### [HOW TO COMPLETE THIS TASK]
A verbatim copy of all the data is required, minus any images.

### [DATA IN THIS EXERCISE]
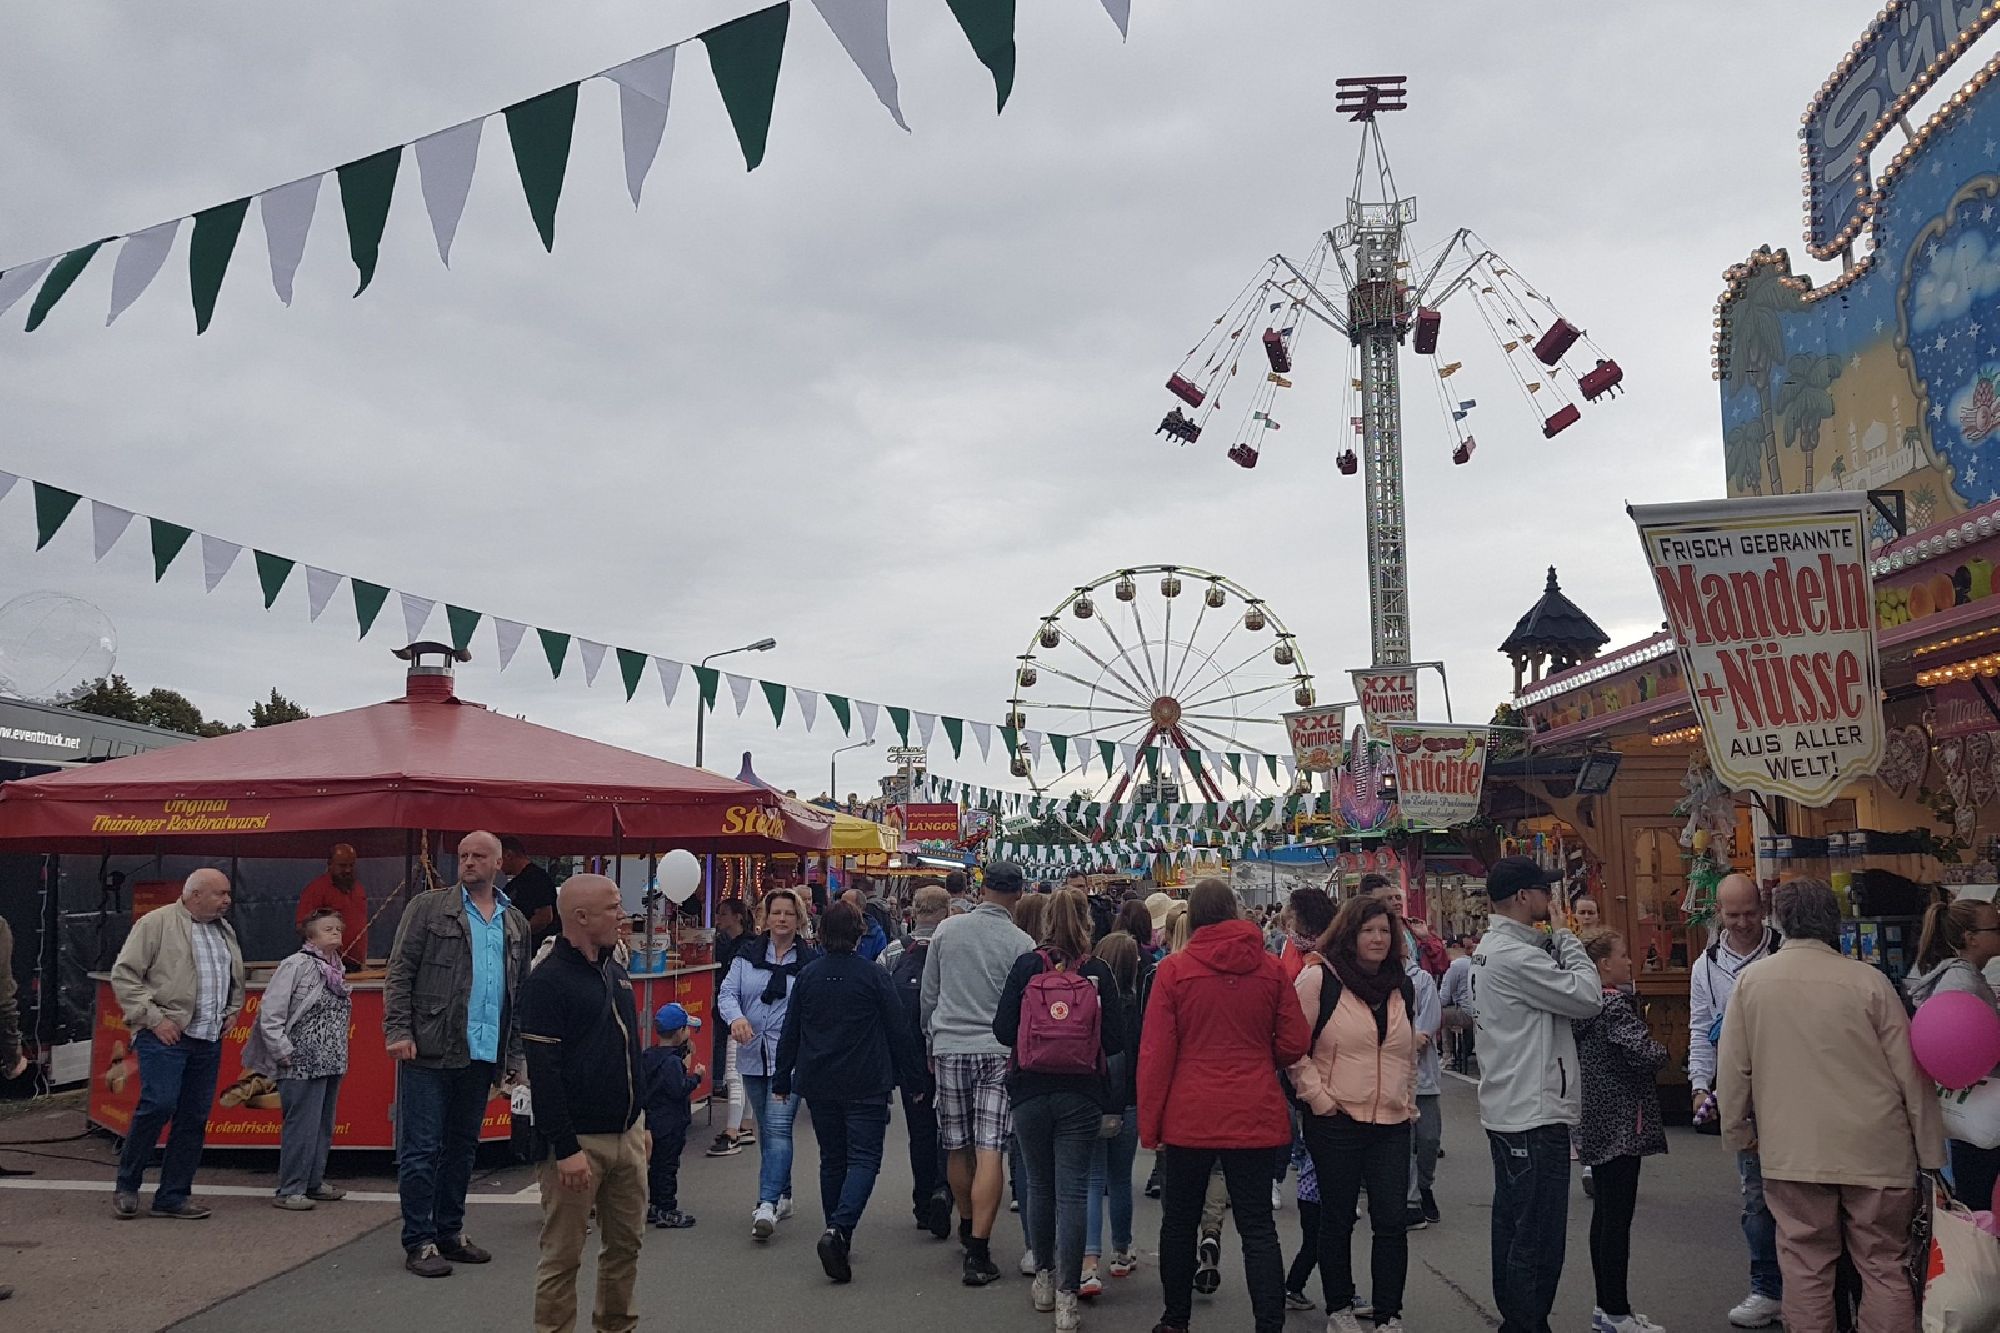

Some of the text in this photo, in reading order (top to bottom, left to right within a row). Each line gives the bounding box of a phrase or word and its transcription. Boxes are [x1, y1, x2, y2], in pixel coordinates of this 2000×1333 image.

[1658, 528, 1853, 561] FRISCH GEBRANNTE
[1655, 553, 1870, 645] Mandeln
[1362, 675, 1413, 693] XXL
[1362, 690, 1414, 713] Pommes
[1294, 713, 1341, 730] XXL
[1292, 728, 1341, 748] Pommes
[1730, 725, 1863, 758] AUS ALLER
[1396, 753, 1480, 794] Früchte
[1764, 752, 1839, 780] WELT!
[164, 800, 229, 815] Original
[91, 813, 271, 835] Thüringer Rostbratwurst

### [TASK OUTPUT]
Some of the text in this photo, in reading order (top to bottom, left to right within a row). Each line gives the bounding box of a phrase or word and its transcription. Boxes are [x1, y1, x2, y2], in pixel coordinates of this 2000×1333 image.

[1658, 528, 1853, 561] FRISCH GEBRANNTE
[1655, 553, 1870, 645] Mandeln
[1362, 675, 1413, 693] XXL
[1362, 690, 1414, 713] Pommes
[1294, 713, 1341, 730] XXL
[1292, 728, 1341, 748] Pommes
[1730, 725, 1863, 758] AUS ALLER
[1396, 753, 1480, 794] Früchte
[1764, 752, 1839, 780] WELT!
[164, 800, 229, 815] Original
[91, 813, 271, 835] Thüringer Rostbratwurst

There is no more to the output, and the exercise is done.